Wednesday, January 03, 2007


Genesis 3 - Sent out from the garden
Our church is studying Genesis this month. I've been long absent from our regular study and am anxious to get back into regular blogging, setting aside the beginning of my day (or the end as the case may be) to that which is most important to me and that which feeds me.

This passage of Genesis is a bitter one - Adam and Eve, having chosen to listen to the father of all lies, are cast out of the presence of their Creator for listening to the lies of the serpent -- the enemy.
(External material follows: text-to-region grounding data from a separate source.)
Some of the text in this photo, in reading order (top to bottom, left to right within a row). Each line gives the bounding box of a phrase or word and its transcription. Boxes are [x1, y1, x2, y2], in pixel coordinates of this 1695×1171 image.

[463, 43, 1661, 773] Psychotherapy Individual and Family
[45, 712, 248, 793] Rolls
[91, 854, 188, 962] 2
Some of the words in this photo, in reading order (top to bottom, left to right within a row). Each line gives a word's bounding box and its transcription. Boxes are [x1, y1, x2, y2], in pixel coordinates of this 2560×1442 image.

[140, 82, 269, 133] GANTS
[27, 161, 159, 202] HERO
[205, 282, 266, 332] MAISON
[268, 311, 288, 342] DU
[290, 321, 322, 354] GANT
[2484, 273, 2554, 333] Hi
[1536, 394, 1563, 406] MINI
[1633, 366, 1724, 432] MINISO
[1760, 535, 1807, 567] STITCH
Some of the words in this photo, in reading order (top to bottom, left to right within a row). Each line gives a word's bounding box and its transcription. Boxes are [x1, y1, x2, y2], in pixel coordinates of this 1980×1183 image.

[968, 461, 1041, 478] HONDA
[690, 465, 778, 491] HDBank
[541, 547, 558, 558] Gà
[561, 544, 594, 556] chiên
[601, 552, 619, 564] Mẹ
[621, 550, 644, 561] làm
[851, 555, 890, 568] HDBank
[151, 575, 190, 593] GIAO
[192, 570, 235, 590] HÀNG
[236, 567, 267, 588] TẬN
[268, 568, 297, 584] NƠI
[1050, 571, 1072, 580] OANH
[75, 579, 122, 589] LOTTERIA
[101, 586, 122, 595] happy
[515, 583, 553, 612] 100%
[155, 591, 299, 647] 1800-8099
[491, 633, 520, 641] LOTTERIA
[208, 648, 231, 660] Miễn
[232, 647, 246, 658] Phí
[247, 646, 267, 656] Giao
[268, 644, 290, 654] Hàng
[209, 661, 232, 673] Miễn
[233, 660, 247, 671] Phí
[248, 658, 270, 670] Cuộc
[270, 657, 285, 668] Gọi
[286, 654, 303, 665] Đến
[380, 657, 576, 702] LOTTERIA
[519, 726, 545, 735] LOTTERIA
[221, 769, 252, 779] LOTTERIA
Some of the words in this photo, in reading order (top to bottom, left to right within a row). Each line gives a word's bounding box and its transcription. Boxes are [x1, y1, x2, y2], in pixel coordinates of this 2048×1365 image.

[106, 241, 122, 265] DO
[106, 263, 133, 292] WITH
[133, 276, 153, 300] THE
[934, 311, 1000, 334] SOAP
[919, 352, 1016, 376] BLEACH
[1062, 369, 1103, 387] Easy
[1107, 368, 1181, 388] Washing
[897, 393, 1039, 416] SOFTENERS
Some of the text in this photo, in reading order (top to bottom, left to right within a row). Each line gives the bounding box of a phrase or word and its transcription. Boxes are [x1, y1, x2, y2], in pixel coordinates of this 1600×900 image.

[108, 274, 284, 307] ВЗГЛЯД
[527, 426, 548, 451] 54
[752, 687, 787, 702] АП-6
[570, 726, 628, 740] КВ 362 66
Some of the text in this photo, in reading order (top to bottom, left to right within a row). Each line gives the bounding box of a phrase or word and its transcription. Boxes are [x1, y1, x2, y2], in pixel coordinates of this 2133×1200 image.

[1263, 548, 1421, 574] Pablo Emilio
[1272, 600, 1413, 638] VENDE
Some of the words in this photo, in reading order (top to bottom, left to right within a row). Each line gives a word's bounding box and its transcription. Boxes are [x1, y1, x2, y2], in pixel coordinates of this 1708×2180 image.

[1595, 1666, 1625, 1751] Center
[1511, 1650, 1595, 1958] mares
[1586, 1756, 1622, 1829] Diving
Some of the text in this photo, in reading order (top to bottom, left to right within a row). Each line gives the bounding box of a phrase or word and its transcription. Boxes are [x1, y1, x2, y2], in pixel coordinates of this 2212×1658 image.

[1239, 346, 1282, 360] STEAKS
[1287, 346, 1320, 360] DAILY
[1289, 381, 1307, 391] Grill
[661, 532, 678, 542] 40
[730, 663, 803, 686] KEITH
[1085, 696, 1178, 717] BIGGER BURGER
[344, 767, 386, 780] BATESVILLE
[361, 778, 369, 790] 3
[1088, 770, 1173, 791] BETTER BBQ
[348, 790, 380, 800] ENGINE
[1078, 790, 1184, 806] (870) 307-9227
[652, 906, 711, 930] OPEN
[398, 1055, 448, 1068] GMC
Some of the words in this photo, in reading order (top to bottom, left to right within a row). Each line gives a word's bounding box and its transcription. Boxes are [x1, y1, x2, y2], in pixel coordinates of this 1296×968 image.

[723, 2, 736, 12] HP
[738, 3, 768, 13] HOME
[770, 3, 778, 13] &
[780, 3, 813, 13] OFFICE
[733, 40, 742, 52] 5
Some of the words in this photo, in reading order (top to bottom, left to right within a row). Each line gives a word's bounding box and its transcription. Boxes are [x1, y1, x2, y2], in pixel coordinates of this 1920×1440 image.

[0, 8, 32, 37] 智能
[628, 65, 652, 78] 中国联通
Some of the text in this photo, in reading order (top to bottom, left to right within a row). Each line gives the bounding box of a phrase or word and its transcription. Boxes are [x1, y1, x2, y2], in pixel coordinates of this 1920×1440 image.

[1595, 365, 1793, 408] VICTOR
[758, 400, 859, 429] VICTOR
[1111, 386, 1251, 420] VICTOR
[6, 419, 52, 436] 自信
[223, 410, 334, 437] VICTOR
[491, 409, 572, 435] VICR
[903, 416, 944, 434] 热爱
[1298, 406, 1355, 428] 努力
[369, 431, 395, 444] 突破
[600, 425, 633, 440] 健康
How often do we listen to lies from all parts of our lives. The inner lies -- doubts about our abilities or lies about what others think about us or what we can accomplish, or the pressures of the world -- urging us to focus on everything temporal and nothing spiritual. We cling to what can easily be washed away versus those things that are everlasting. What are we thinking when we make that choice ????

The good news is that while we read this story of abandonment -- of Adam and Eve and their Creator, of the Creator of his creation due to their poor decisions -- we live instead in hope.

Genesis by its very meaning is a new beginning. Every day we face a new beginning for our lives -- the sun rises with that promise.

I am so thankful for the perpetual sunrise in my life. As I invariably fail [from time to time], each day brings the promise of encouragement, of acceptance and of new opportunities to be all that He created me to be. I live with His gifts and His grace. Without that, I am empty.

Today I realized that for One who is responsible for keeping the planets spinning carefully in orbit, that keeping my life and my business in tune is child's play. I am confident entrusting my future to the creator of the Universe.

My spirituality is not something to be segregated from my business life. It is who I am, to the core. My decisions are driven by my faith in my Creator. My ability to face tough decisions and tough times are because I know that there is a grand Plan and that as long as I serve Him, I can live in the absolute comfort of being in the center of His will. That is the definition of peace and I am happy to live in His favor so that I can enjoy His peace that absolutely passes all understanding.

2006 was a challenging year and 2007 looks to be a bit of an uphill battle. But I don't enter the battle alone. My God and king owns the cattle on 10,000 hills and I draw upon His resources, not my own to meet the challenges ahead. He has promised that this will be a harvest year and I am READY!!!

May those that read this blog be blessed and somehow through my words or through my life may you know Him better and find peace in your life.